Sheryl has even used breastfeeding as a tool to comfort them in the school playground.
She said: "It's about comfort. If they're ill, that's where they want to be to help them calm down but we don't live in a society that's supportive of that after infancy which is why we don't see it.
"They want to be with me and snuggle with me even when they aren't breastfeeding.
"Riley and Mylo pick up on people's opinions. My eldest wouldn't ask for it when we're out because he knows other people will see but he will behind closed doors but my youngest is confident.
"Before Mylo went into preschool he was asking for mummy milk in the playground in the morning.
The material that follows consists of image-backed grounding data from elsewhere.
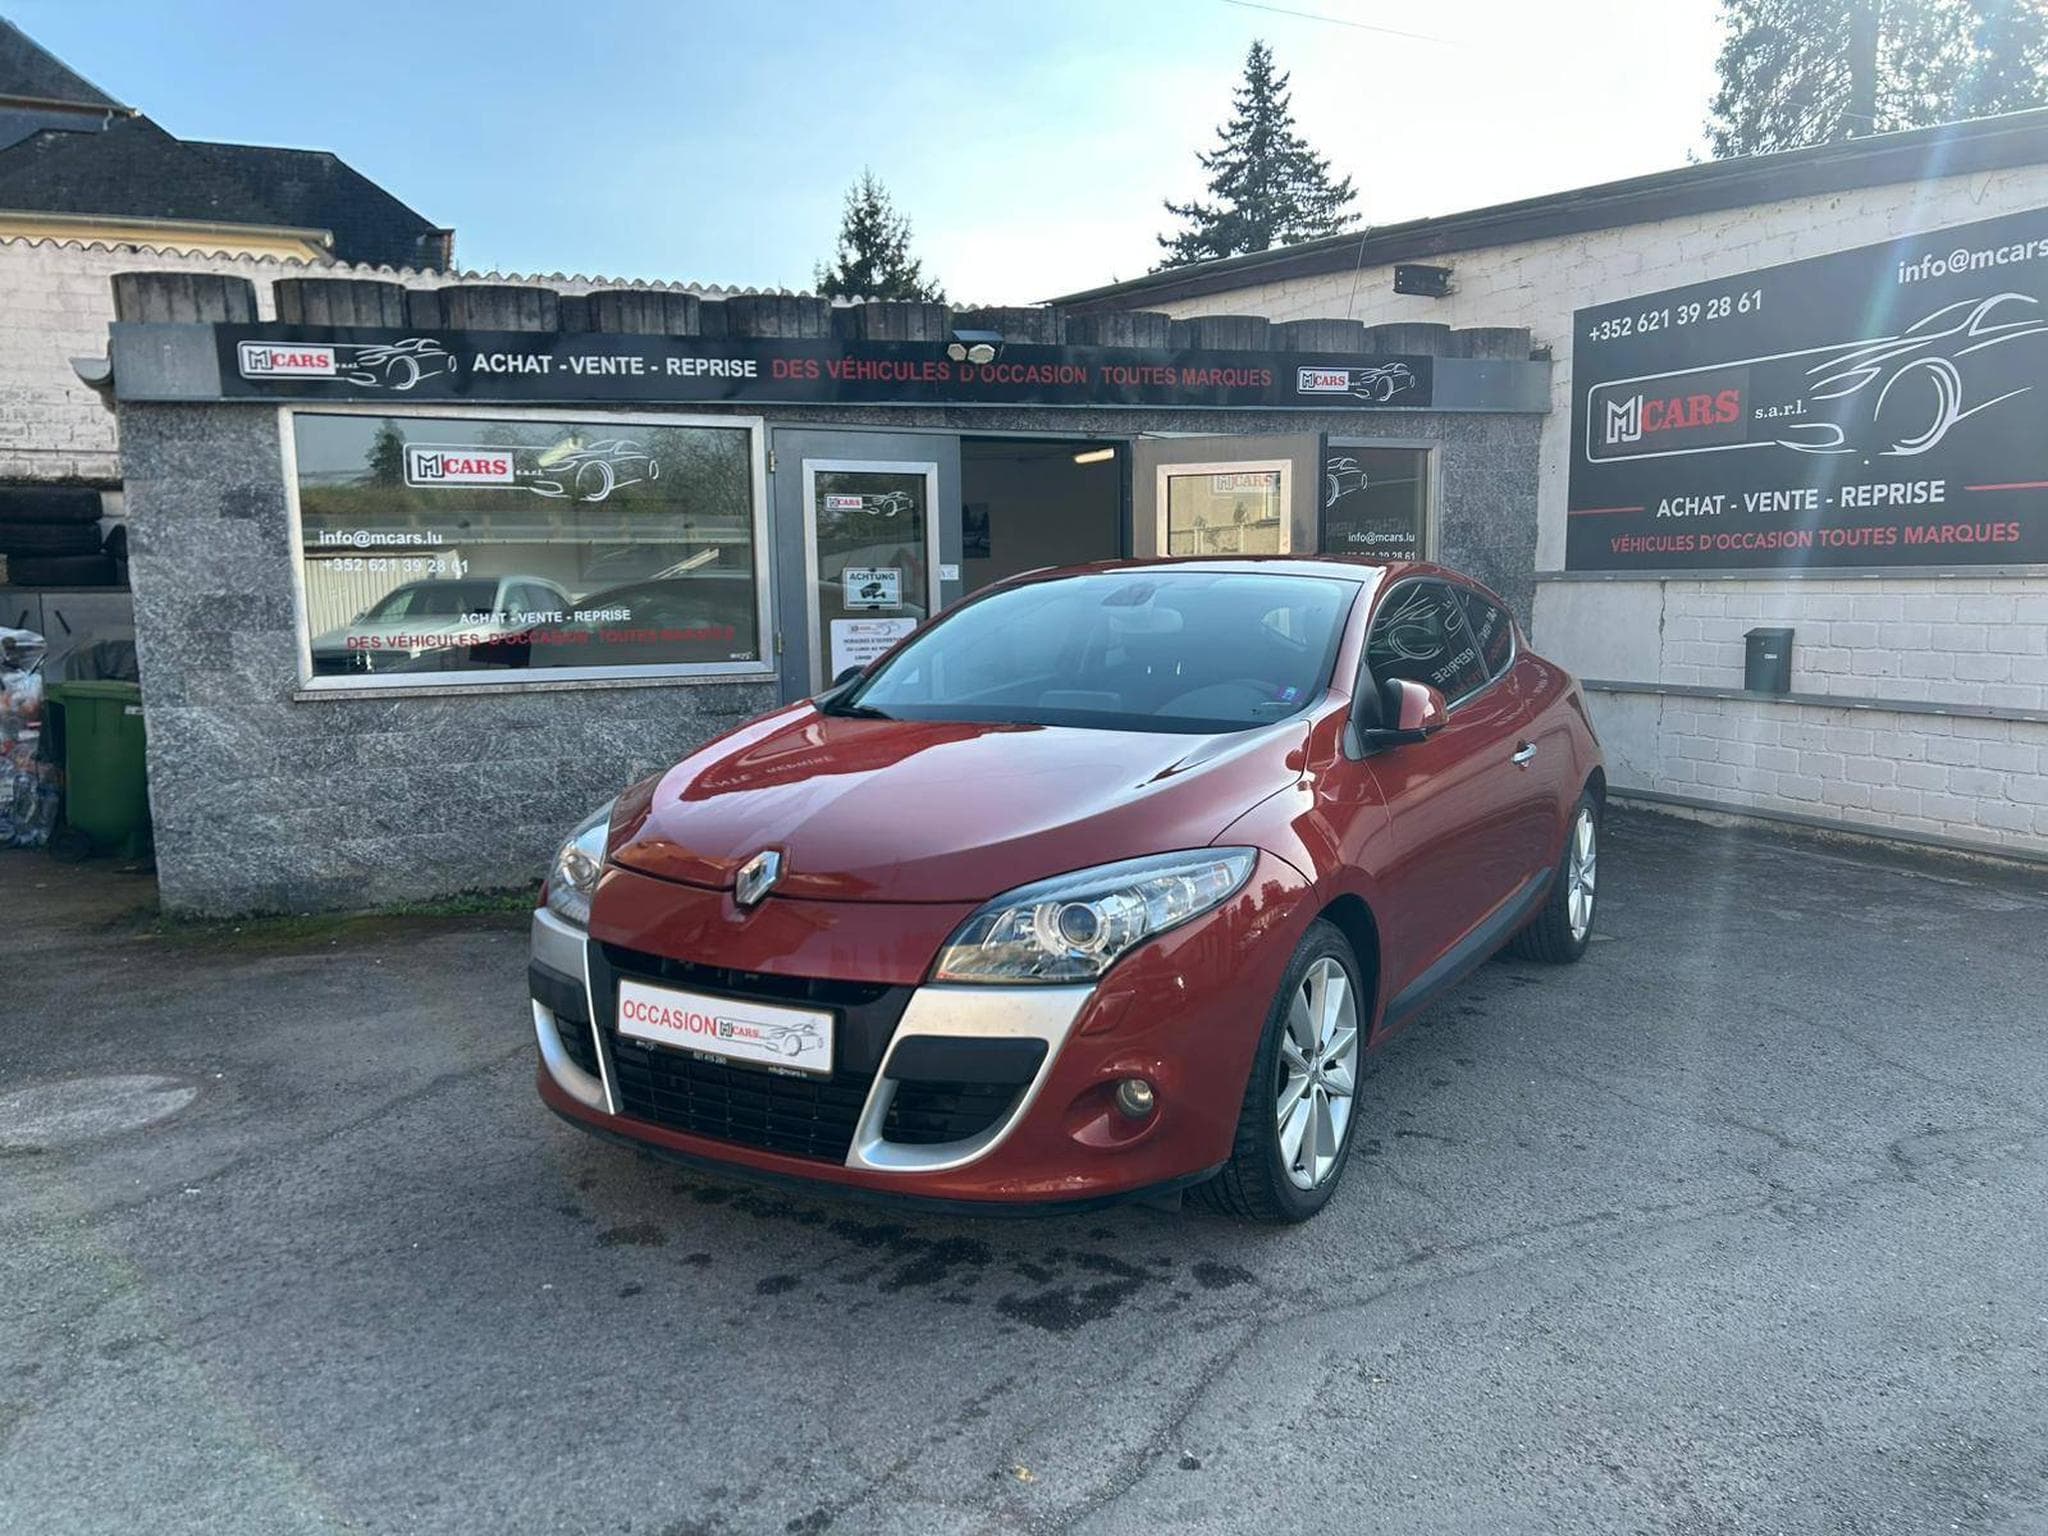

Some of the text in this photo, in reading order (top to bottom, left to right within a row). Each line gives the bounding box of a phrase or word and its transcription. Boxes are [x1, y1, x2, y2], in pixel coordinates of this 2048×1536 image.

[1588, 288, 1762, 341] +352 621 39 28 61
[472, 353, 553, 374] ACHAT
[666, 357, 757, 377] REPRISE
[772, 358, 820, 380] DES
[826, 356, 950, 381] VÉHICULES
[1102, 365, 1177, 385] TOUTES
[1182, 367, 1273, 387] MARQUES
[1754, 399, 1808, 419] s.a.r.l.
[1656, 494, 1726, 518] ACHAT
[1743, 488, 1819, 513] VENTE
[1841, 480, 1945, 507] REPRISE
[319, 530, 443, 548] info@mcars.lu
[1348, 531, 1416, 545] info@mcars.lu
[1611, 521, 2021, 553] VÉHICULES D'OCCASION TOUTES MARQUES
[322, 558, 364, 573] +352
[368, 557, 396, 572] 621
[403, 557, 422, 573] 39
[427, 557, 446, 573] 28
[849, 573, 896, 581] ACHTUNG
[459, 613, 506, 625] ACHAT
[519, 611, 563, 624] VENTE
[574, 609, 631, 621] REPRISE
[347, 636, 381, 649] DES
[386, 632, 480, 648] VÉHICULES
[623, 999, 717, 1037] OCCASION
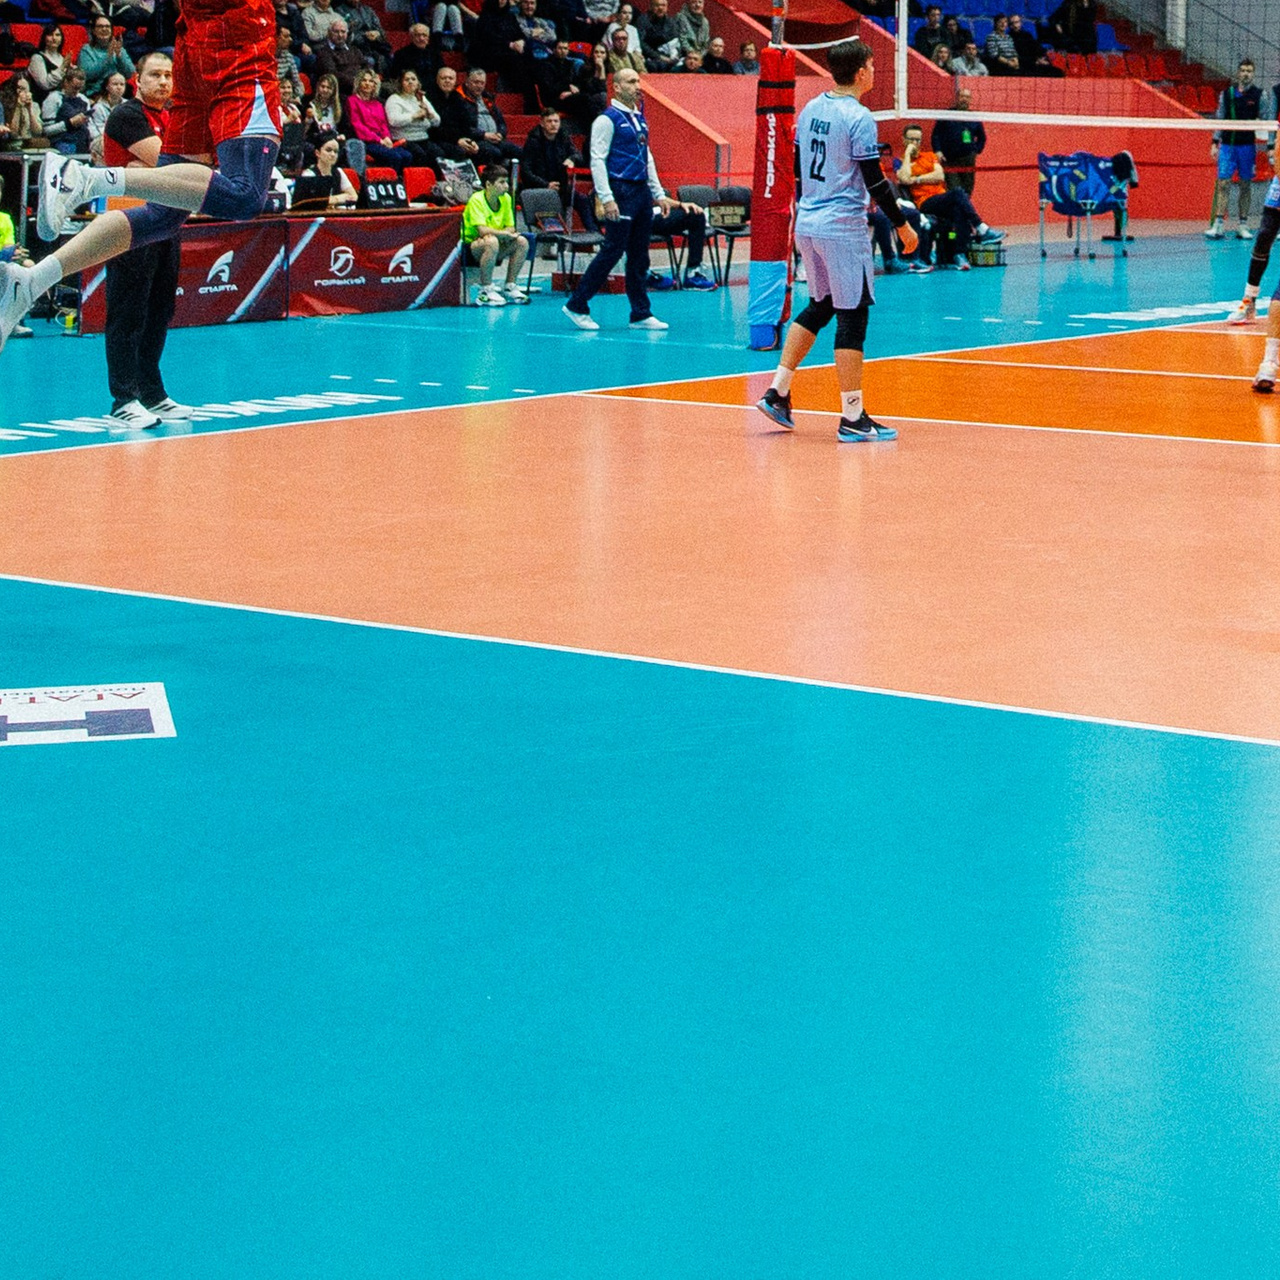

"He took me to the bench and I had to dig deep into myself. I wanted to tell him we weren't doing it there because people could see but I didn't want to pass my anxieties onto him."
While strangers seem to keep their opinions to themselves, Sheryl says some friends and family have said her breastfeeding could be the reason her sons are "hard work".
She said: "I've been pretty lucky in that I haven't had negative comments from strangers but family members and people I know have asked if I think I should stop.

"They question whether the way my children behave is anything to do with them being breastfed. They're hard work but that's children.
"People think they're experts in other people's children but I'm not doing it blind even though I am following my instincts in many ways."
Sheryl says she was determined to breastfeed Mylo because she struggled to nurse Riley following a difficult birth.
She added that breastfeeding helped her to overcome the trauma of giving birth and strengthened her connection with her sons.
"Breastfeeding helped me to keep that connection going and I had it in my head that I wanted to tandem breastfeed," she adds.
"It felt magical and empowering to be sustaining two babies at the same time.
"I had a traumatic birth and because of that experience I felt like I a failure. I felt like I hadn't done it right so I needed the breastfeeding relationship to succeed."